Q: Is your practice a good fit for everyone?

A: Not necessarily... But it could be a great fit for you! Information gathered ahead of time will help me determine if I can provide the services you are looking for. If not I will gladly provide you with recommendations or referrals to others who may better address your needs. I cannot take Medicare. Legal evaluations and disability evaluations are outside the scope of this practice.

Q: Do you offer telemedicine?

A: I am able to offer telemedicine services statewide in Colorado. There are certain limitations to this service including, but not limited to, inability to perform a complete physical exam and restrictions on the prescribing of controlled/scheduled prescriptions without an initial in-person visit. I require that patients being seen for telemedicine visits have a Primary Care Physician and a release on file for me to communicate with this person as needed. 

Q: I have a therapist already. What is the difference between seeing you and seeing my therapist?

A: If you have a therapist you are already happily working with I fully support you continuing with this person; often therapists and psychiatrists work together on behalf of their patients with the best results. Some people find that they prefer doing both psychotherapy and medication in one visit, and this is an option when seeing a psychiatrist. A psychiatrist is a medical doctor who specializes in mental health disorders, and is able to diagnose, prescribe and adjust medications, order labs or other studies, and offer psychotherapy. Typically, a therapist (who may be a psychologist or counselor) holds either a Masters Degree or Ph.D (or Psy.D) and does various types of psychotherapy, and does not practice medicine.  

Q: Why should I see a board certified psychiatrist? 

A: People have many options when it comes to choosing health care providers. I'm often asked why someone would see a psychiatrist instead of a Nurse Practitioner or PA in a mental health clinic. Psychiatrists are required to obtain a four year MD or DO degree after college, and are then required to do a 3 - 4 year residency to specialize in mental disorders. Our standard training includes family medicine, internal medicine, neurology, psychotherapy, psychopharmacology in addition to hospital and outpatient-based psychiatry. A child and adolescent fellowship is an additional two years of training in child development, school-based care, pediatrics, child psychopharmacology, family and group therapy, and management of hospitalized patients. Over time, psychiatrists receive on average 15,000 hours of direct medical training and supervision in the field before practicing independently. This far surpasses the training of other pathways and provides us with an unparalleled level of expertise towards the management of complex mental health conditions and the ability to offer the highest standard of care. 
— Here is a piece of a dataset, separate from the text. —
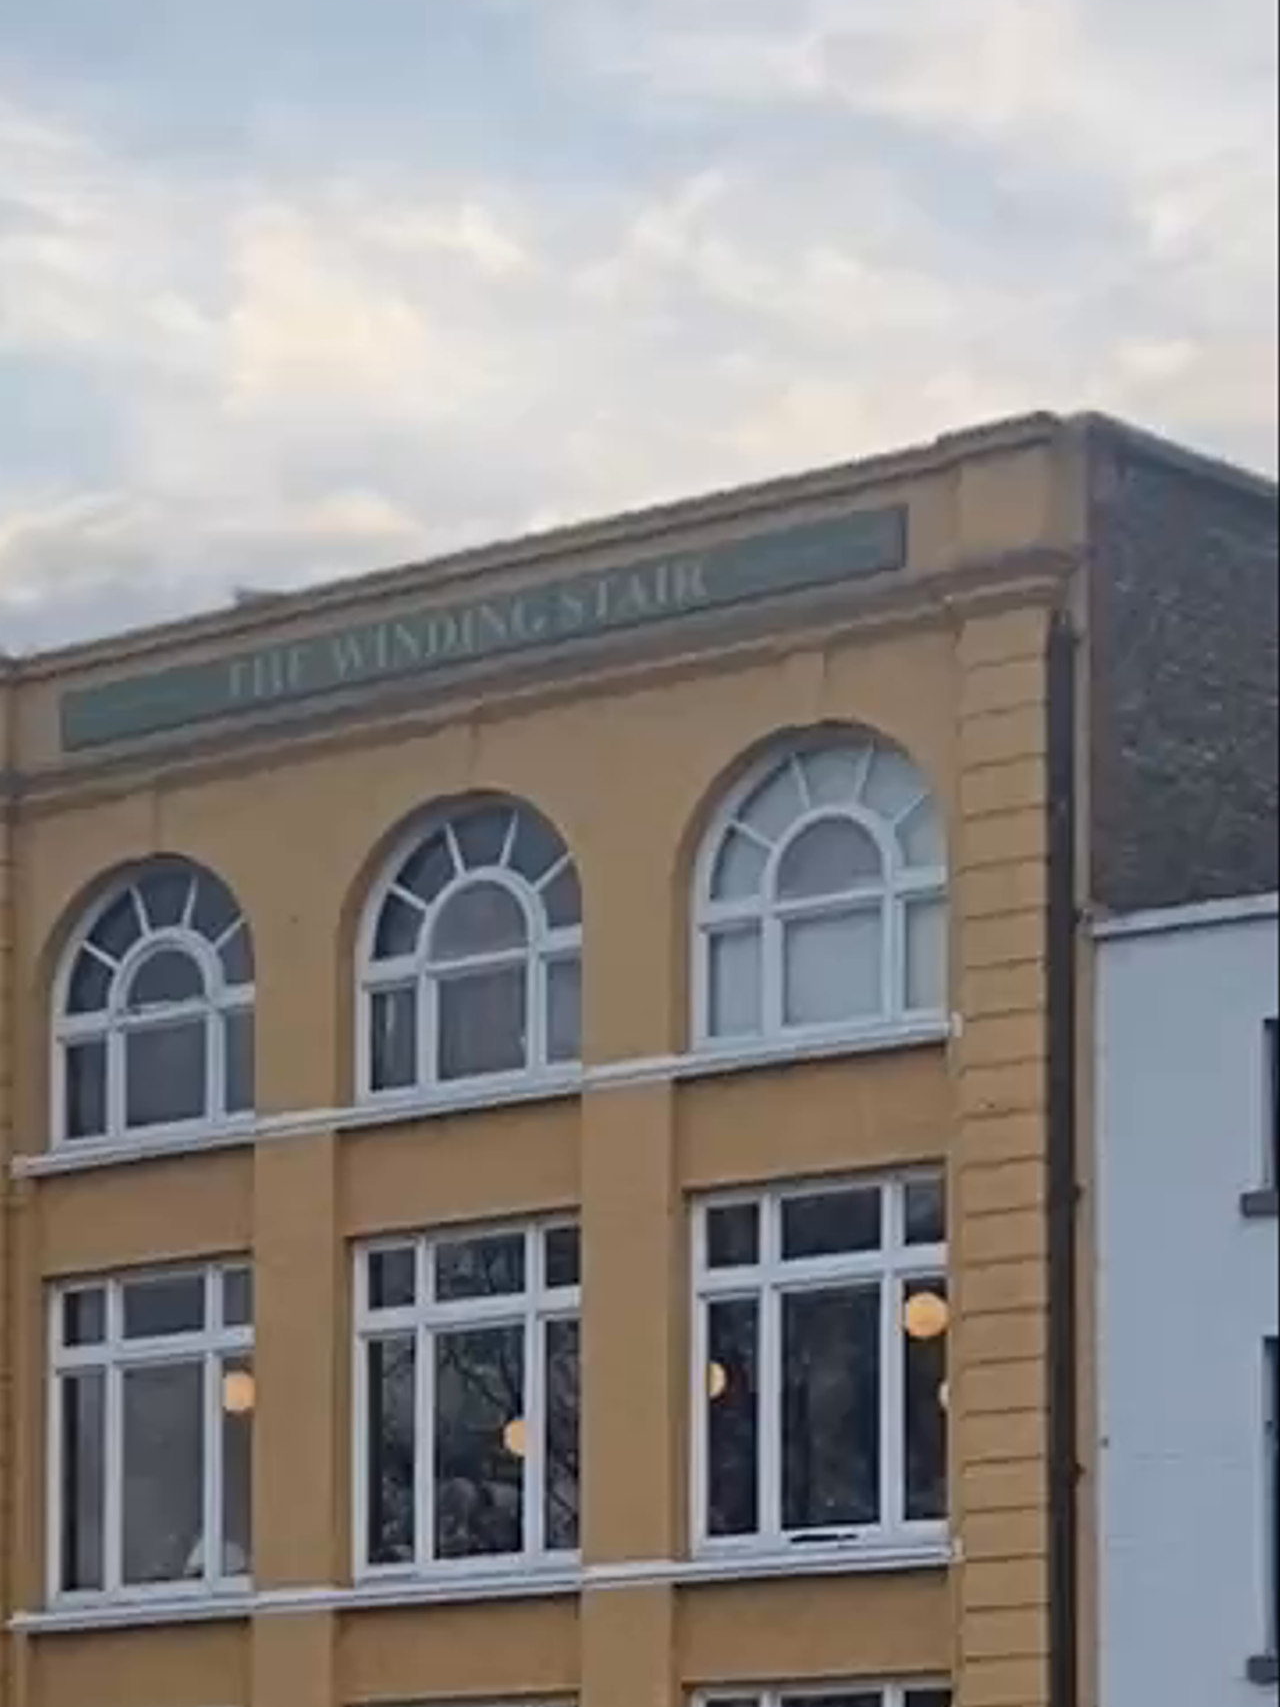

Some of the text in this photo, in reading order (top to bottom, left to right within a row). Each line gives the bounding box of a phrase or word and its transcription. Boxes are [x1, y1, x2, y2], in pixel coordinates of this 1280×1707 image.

[229, 561, 709, 696] THE WINDING STAIR
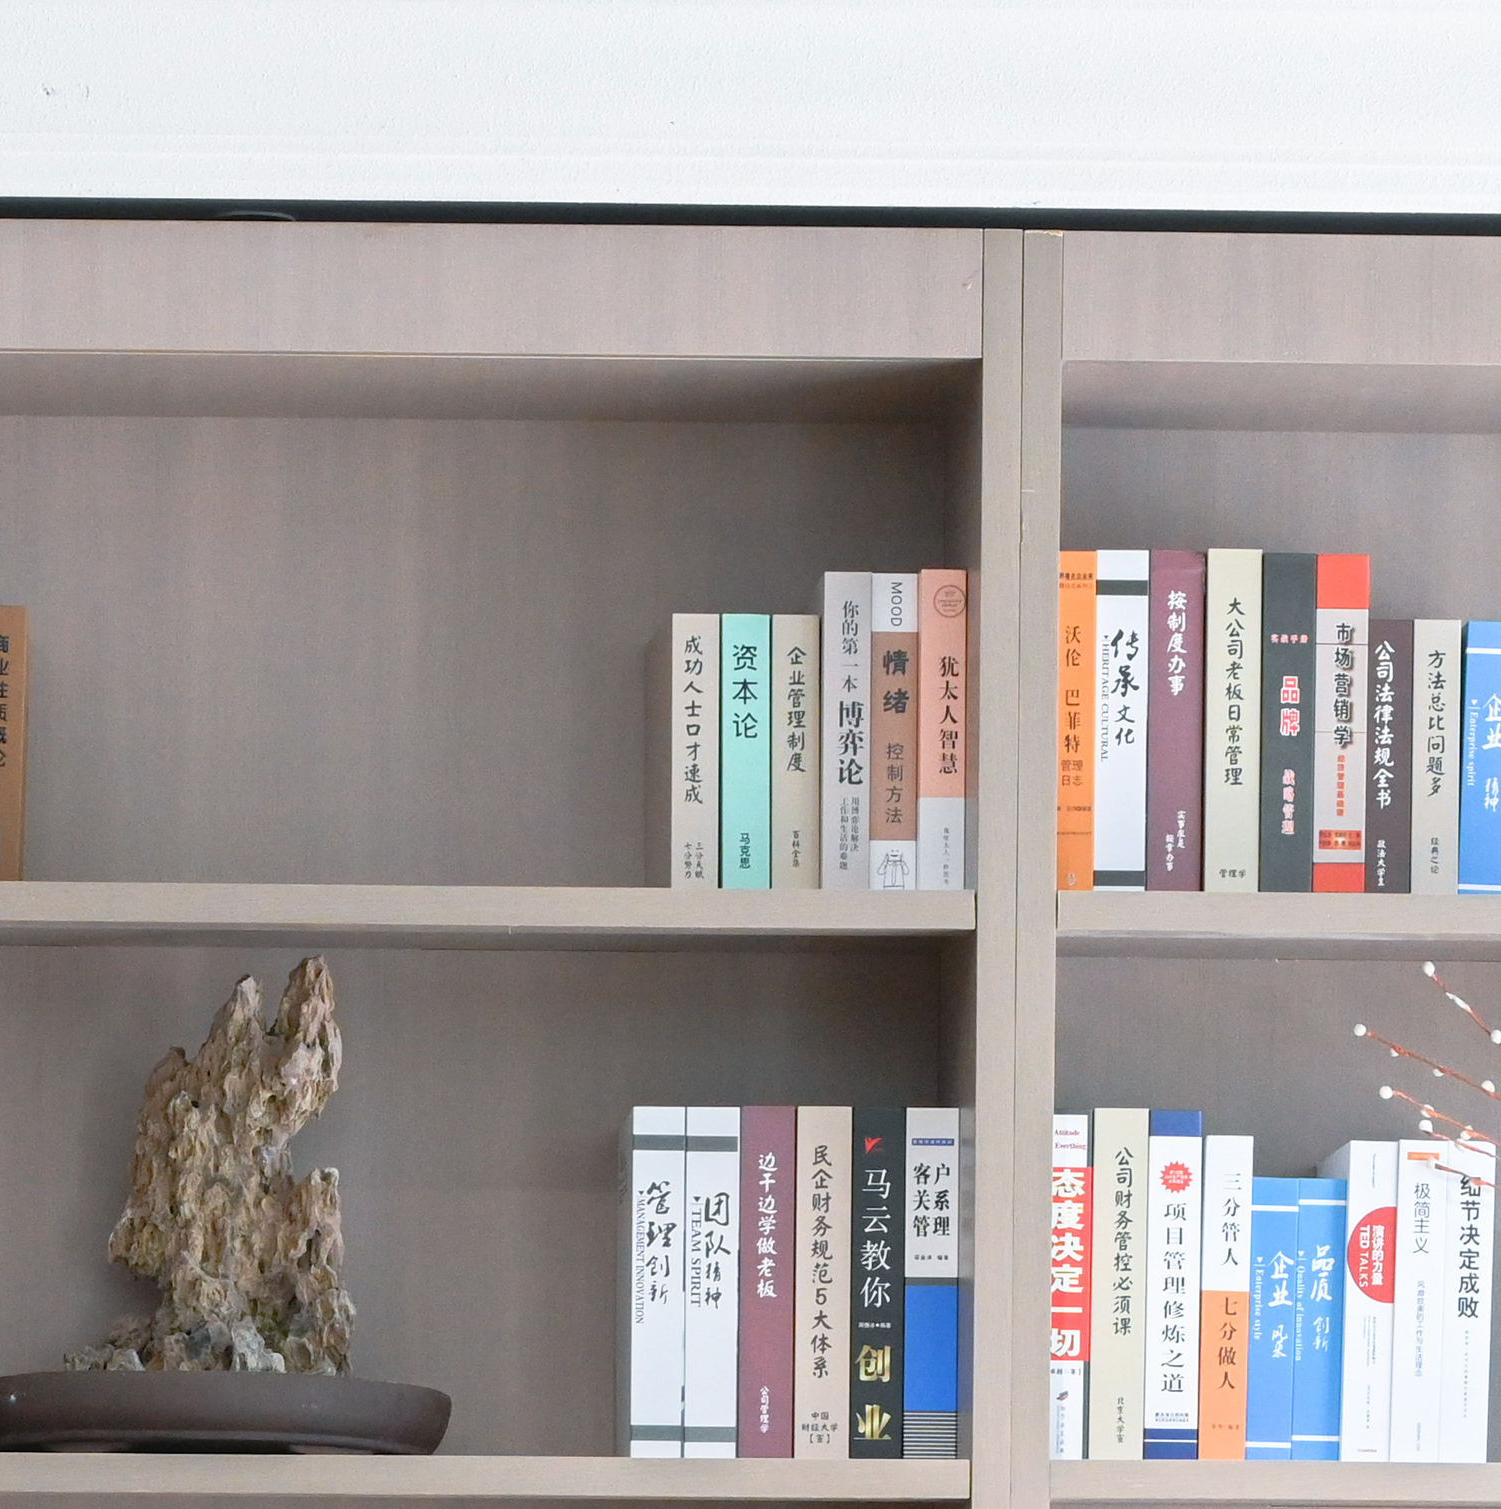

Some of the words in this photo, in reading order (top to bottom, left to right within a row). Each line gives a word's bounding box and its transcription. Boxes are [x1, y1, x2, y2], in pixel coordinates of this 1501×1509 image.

Q: Do you offer neuropsychological testing? Does my child need neuropsychological or educational testing to get diagnosed?

A: Though some psychiatrists go on to obtain additional training in psychological testing, this is not a standard part of psychiatric training and my practice does not do formal testing. (A psychiatrist is qualified to make diagnoses, including ADHD and ASD, based on clinical assessment.) Many children experiencing attention or behavioral problems are referred right away for neuropsychological testing with the assumption that this will provide conclusive diagnostic answers.  While neuropsychiatric testing will diagnose learning disorders and can highlight cognitive or developmental strengths and weaknesses, there is no one test for any mental health condition. I advise parents who begin to have concerns about their child's development or behavior to reach out to their pediatrician first.  A pediatrician can manage many common behavioral and mental health disorders, and can refer to psychiatry for further assistance. From there, your child's pediatrician or psychiatrist can help determine if neuropsychological testing would be helpful or necessary to clarify or support an existing diagnosis.